7. 5.1 INTRODUCTION TO TESTING BIOMATERIALS • In vitro tests minimize the use of animals in research, a desirable goal. • Also, in vitro testing is required by most regulatory agencies in the device approval process for clinical application. • When appropriately used, in vitro testing provides useful insights that can dictate whether a device need be further evaluated in expensive in vivo experimental models.

8. 5.1 INTRODUCTION TO TESTING BIOMATERIALS • Animals are used for testing biomaterials to model the environment that might be encountered in humans (Chapter 5. 3). • However, there is great range in animal anatomy, physiology, and biochemistry. • Will the animal model provide data useful for predicting how a device performs in humans? • Without validation to human clinical studies, it is often difficult to draw strong conclusions from performance in animals.
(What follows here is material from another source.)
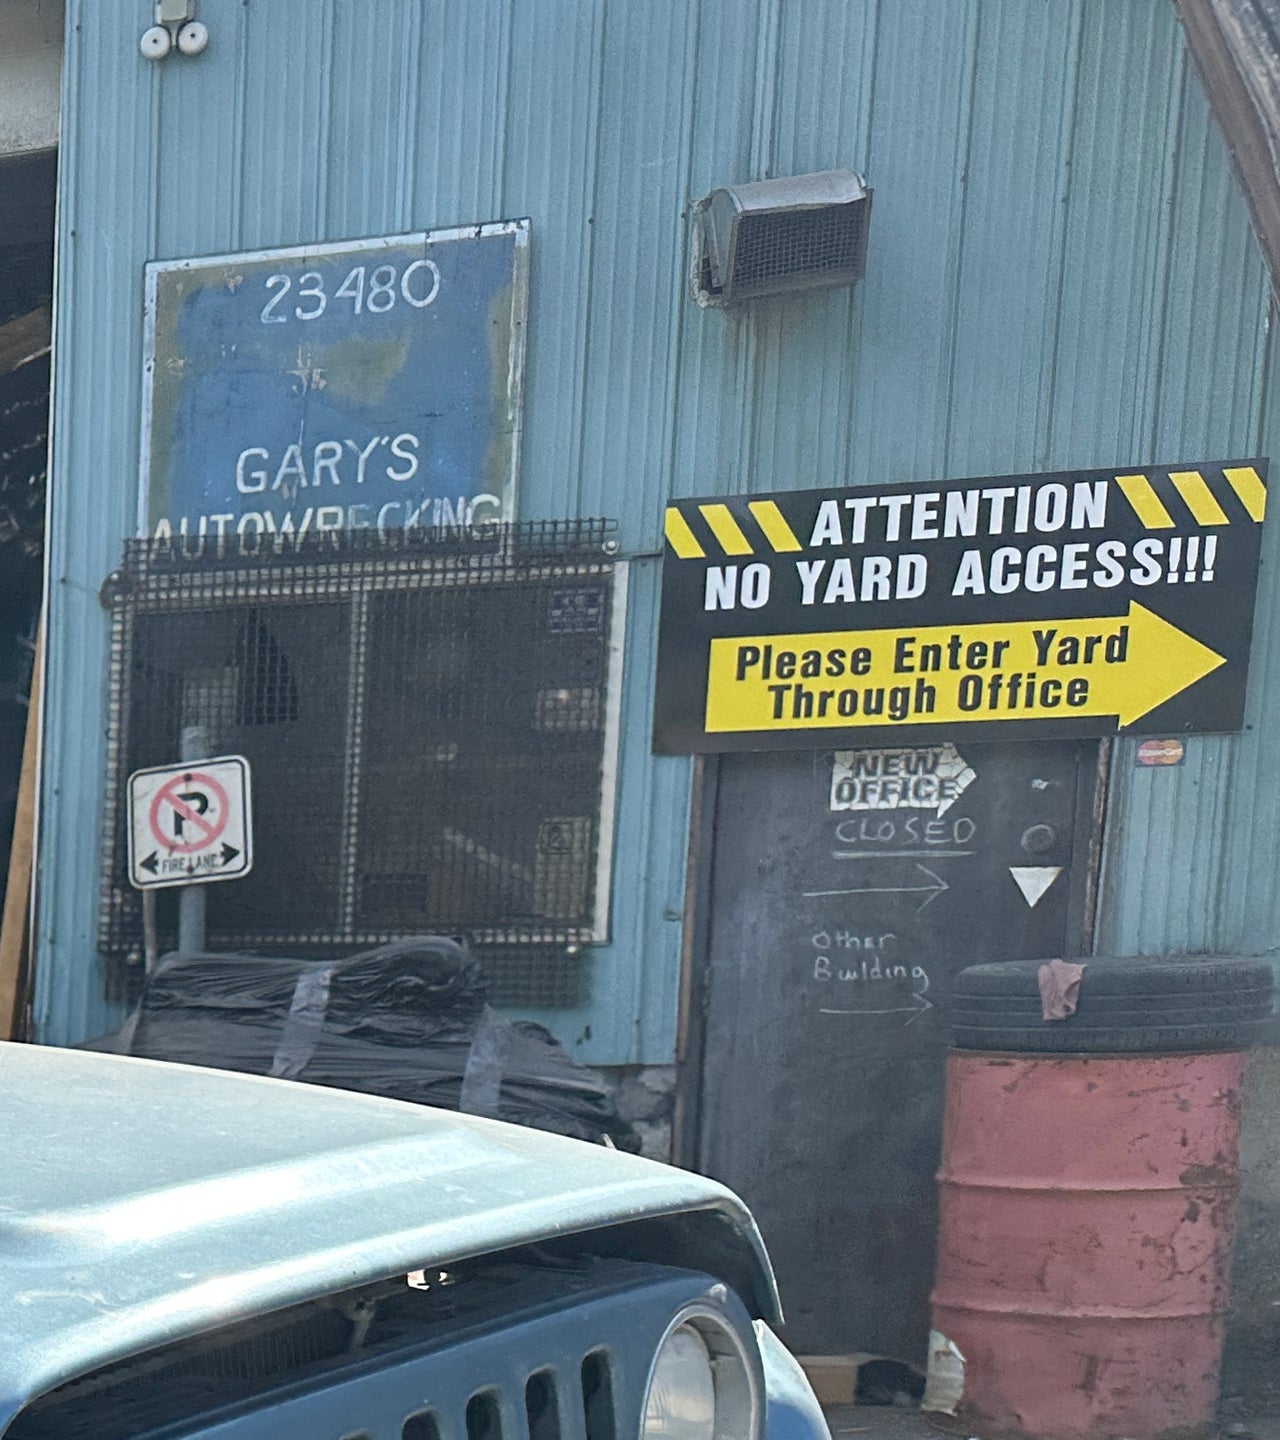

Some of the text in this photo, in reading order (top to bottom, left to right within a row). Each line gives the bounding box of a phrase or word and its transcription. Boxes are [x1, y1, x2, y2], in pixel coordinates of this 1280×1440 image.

9. 5.1 INTRODUCTION TO TESTING BIOMATERIALS • The first step in designing animal testing procedures is to choose an animal model that offers a reasonable parallel anatomically or biochemically to the situation in humans. • Experiments designed • to minimize the number of animals needed, • ensure that the animals are treated humanely (e. g., NIH guidelines for the use of laboratory animals), and • maximize the relevant information generated by the testing procedure are essential.

10. 5.1 INTRODUCTION TO TESTING BIOMATERIALS • Some biomaterials fulfill their intended function in seconds. • Others are implanted for a lifetime (10 years ? 70 years?). • Are 6-month implantation times useful to learn about a device intended for 3-minute insertion? • Will six months implantation in a test model provide adequate information to draw conclusions about the performance of a device intended for lifetime implantation?

11. 5.1 INTRODUCTION TO TESTING BIOMATERIALS • Assistance in the design of many biomaterials tests is available through national and international standards-organizations. • Thus, the American Society for Testing Materials (ASTM) and the International Standards Organization (IS0) can often provide detailed protocols for widely accepted, carefully thought out testing procedures. • Other testing protocols are available through government agencies (e. g., the FDA) and through commercial testing laboratories.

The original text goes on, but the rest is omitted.